Obol Investment was an apparent Swedish company involved in fund managing and sponsoring sport events. In 2006, it signed a 15-year sponsorship deal with the Swedish Basketball Federation that resulted in the renaming of Basketligan ("the Basketball league") to Obol Basketball League. It was later revealed by independently working journalists at Norrbottens-Kuriren and Sveriges Radio's Kaliber, an investigative journalism program, that the company did not have a permits to conduct business in Sweden and that the company seemed to have no traceable fund assets. Or at least not in the amounts claimed by the company spokespersons ($1–15 billion US Dollars).

==The Obol affair==
According to Radio Sweden's domestic program Kaliber on 3 December 2006, the company "Obol Investment" doesn't exist, and doesn't have the necessary permits to manage funds in Sweden, Switzerland or any other country. It was also revealed that the focal point of Obol, the charismatic entrepreneur Bo Johansson (born 1962 in Malmberget), had been supplying false information about the circumstances of his own upbringing as well as the origins of Obol itself. Johansson claimed that he was orphaned when he was only 16 when his parents actually died a few years apart in his mid 20s. The founder and owner of Obol, an Englishman known as "Sir Brownleigh". Obol has been marketed as a highly internationalized business with vast sums (up to 15 billion US dollars) in investment funds, about which there seems to be no public information. Despite this, the company's website is hosted from a server in Köping, Sweden.

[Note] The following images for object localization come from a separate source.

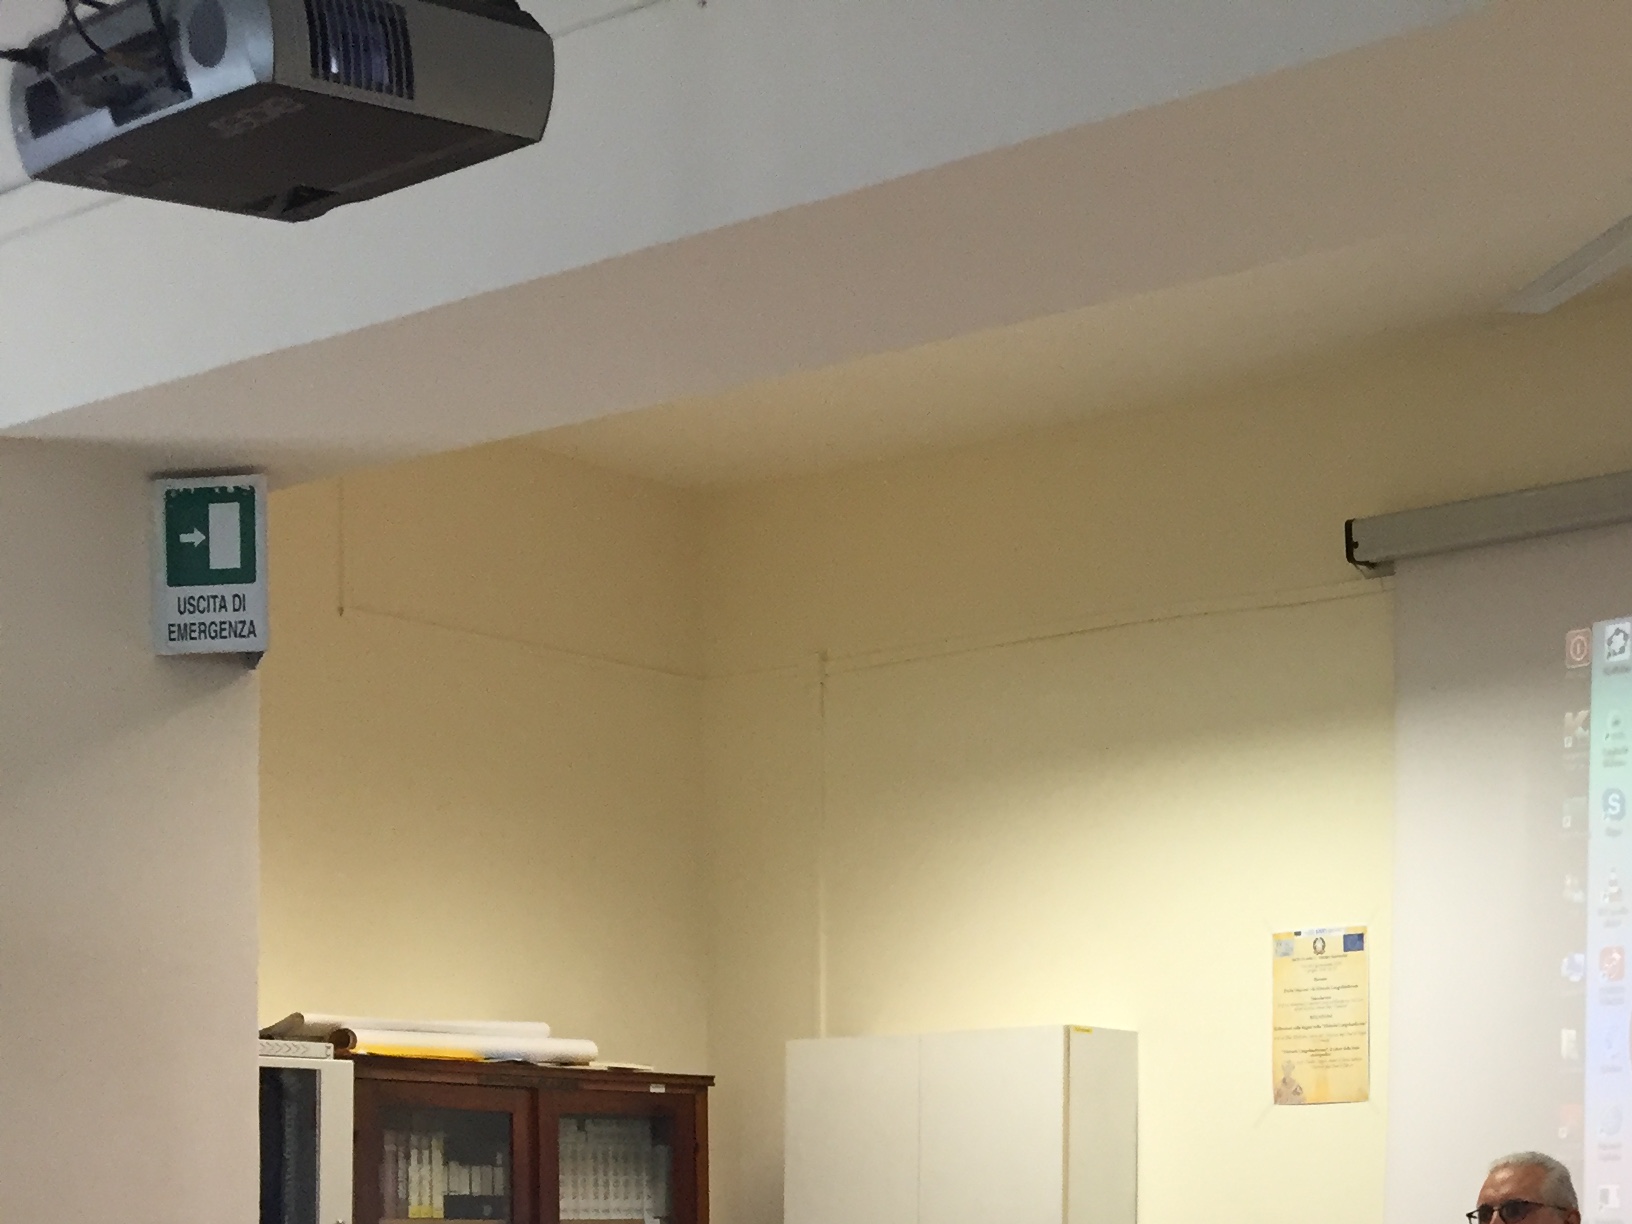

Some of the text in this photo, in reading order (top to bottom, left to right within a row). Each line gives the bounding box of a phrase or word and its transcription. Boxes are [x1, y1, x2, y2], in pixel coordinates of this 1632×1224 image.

[177, 594, 246, 615] USCITA DI
[168, 620, 257, 642] EMERGENZA
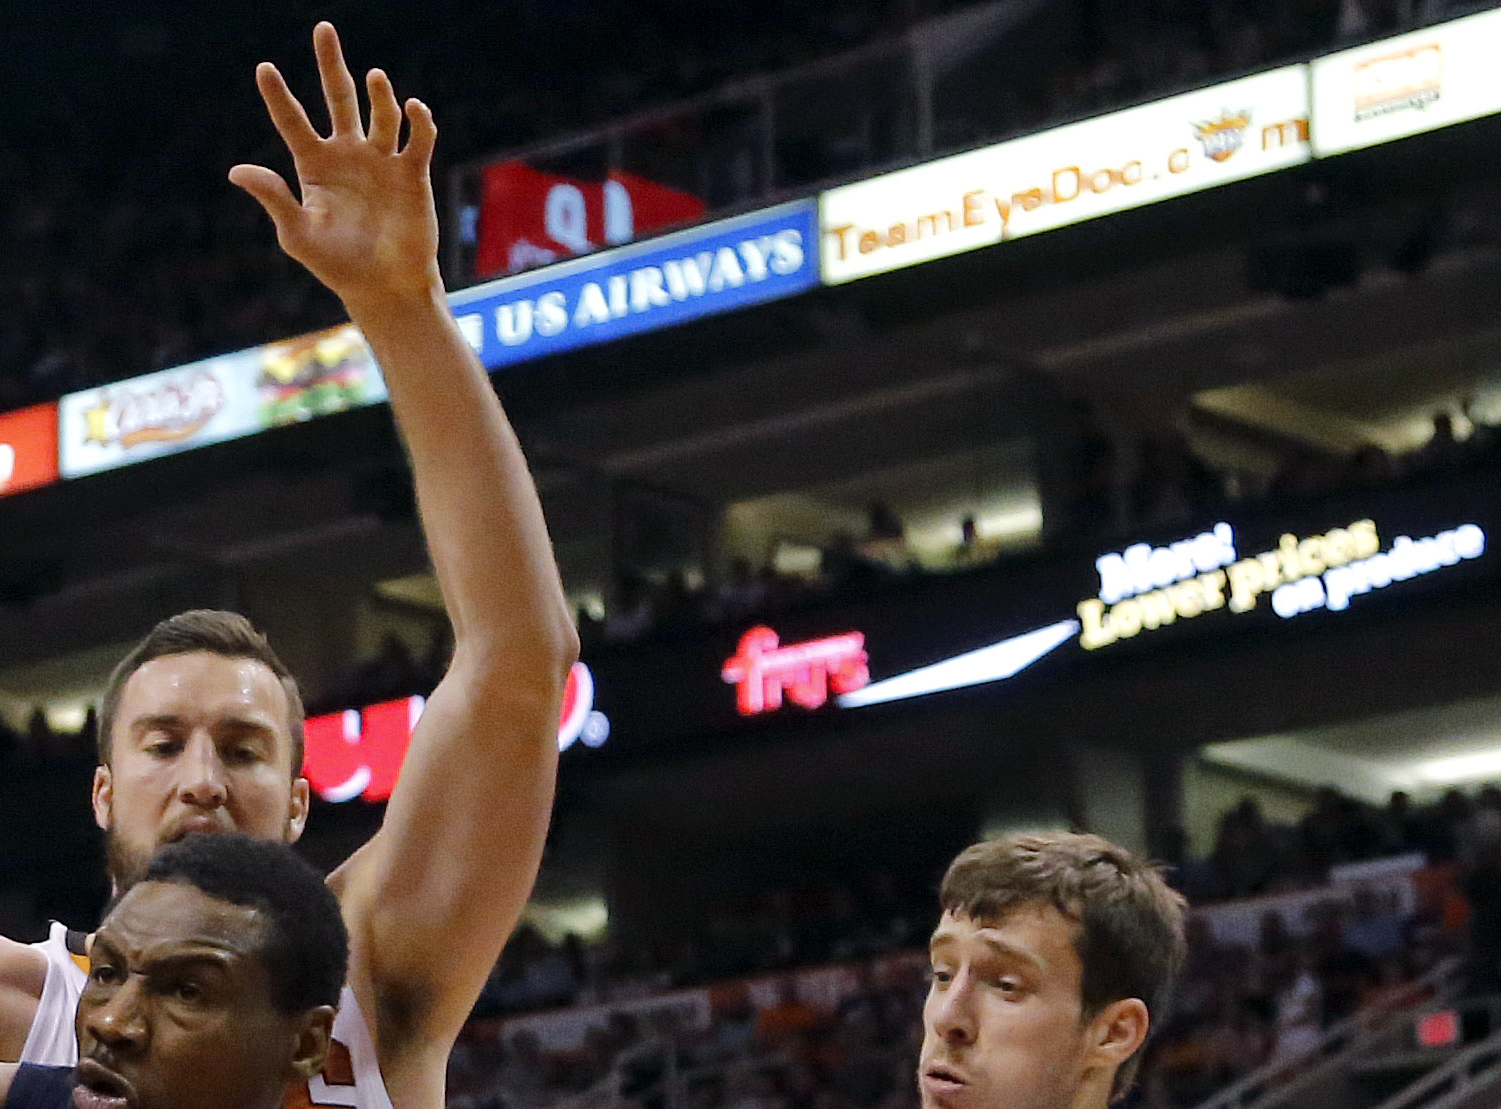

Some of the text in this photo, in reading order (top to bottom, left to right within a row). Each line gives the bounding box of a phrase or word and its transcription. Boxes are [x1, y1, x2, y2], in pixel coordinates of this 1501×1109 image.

[495, 292, 568, 347] US
[574, 229, 804, 328] AIRWAYS
[1076, 518, 1380, 651] Lower prices

In press releases on their webpage from 4–9 December 2006, Obol Investment's two main representatives, Bo Johansson and Jan Saradlic, denounced the criticism in the media as a "journalistic frontal attack", "a nightmare" and "a mass hunt/slaughter of Obol", as well as stating that they are looking into possibilities of suing for libel. "Rightful and appropriate" criticism about withholding of information has been admitted, however, and all investments in the Obol Investment Concept fund were to be repaid.

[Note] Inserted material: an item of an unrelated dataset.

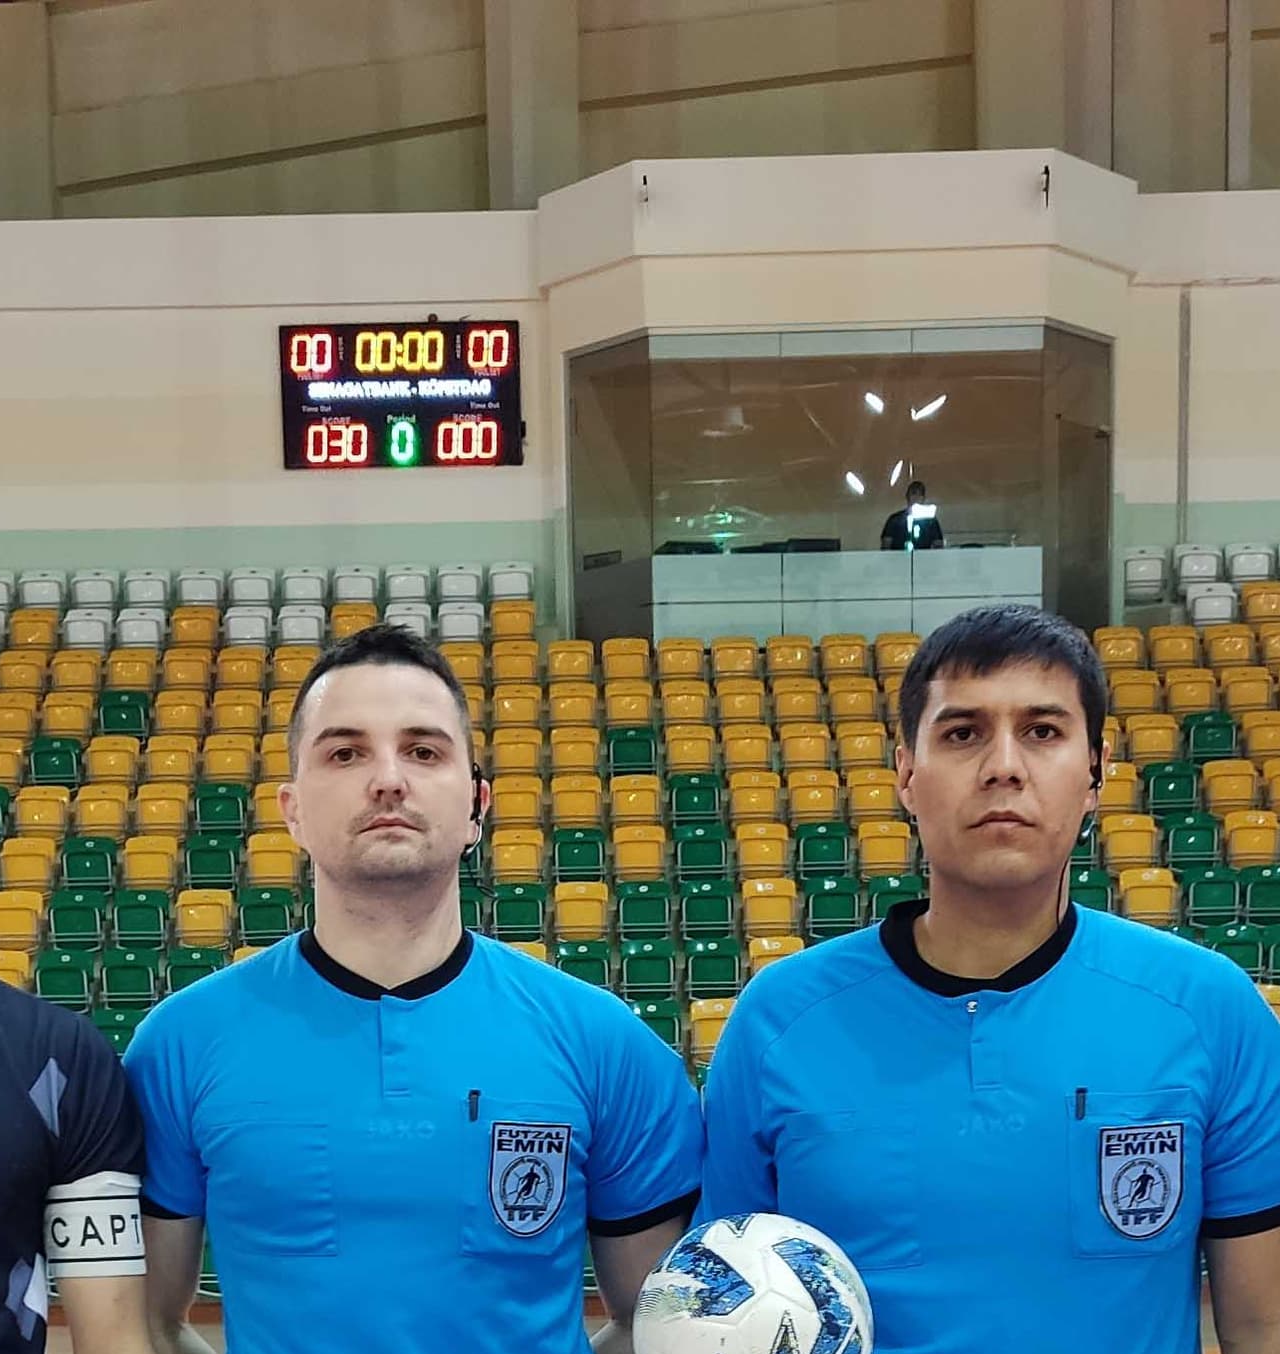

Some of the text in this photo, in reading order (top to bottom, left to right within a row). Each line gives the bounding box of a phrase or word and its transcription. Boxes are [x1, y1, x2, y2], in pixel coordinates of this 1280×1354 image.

As of 12 January 2007, Obol had repeatedly avoided attending meetings with Finansinspektionen, the agency charged with supervising the Swedish financial market, to clear up any suspicions of illegal activities. Finansinspektionen is currently conducting an investigation whether Obol and its owners have been pursuing business ventures that would require permits.

Bo Johansson returned to Sweden in 2019 under a different last name. He claims that a member of the company tasked with returning funds to investors sent it to a relative in Croatia.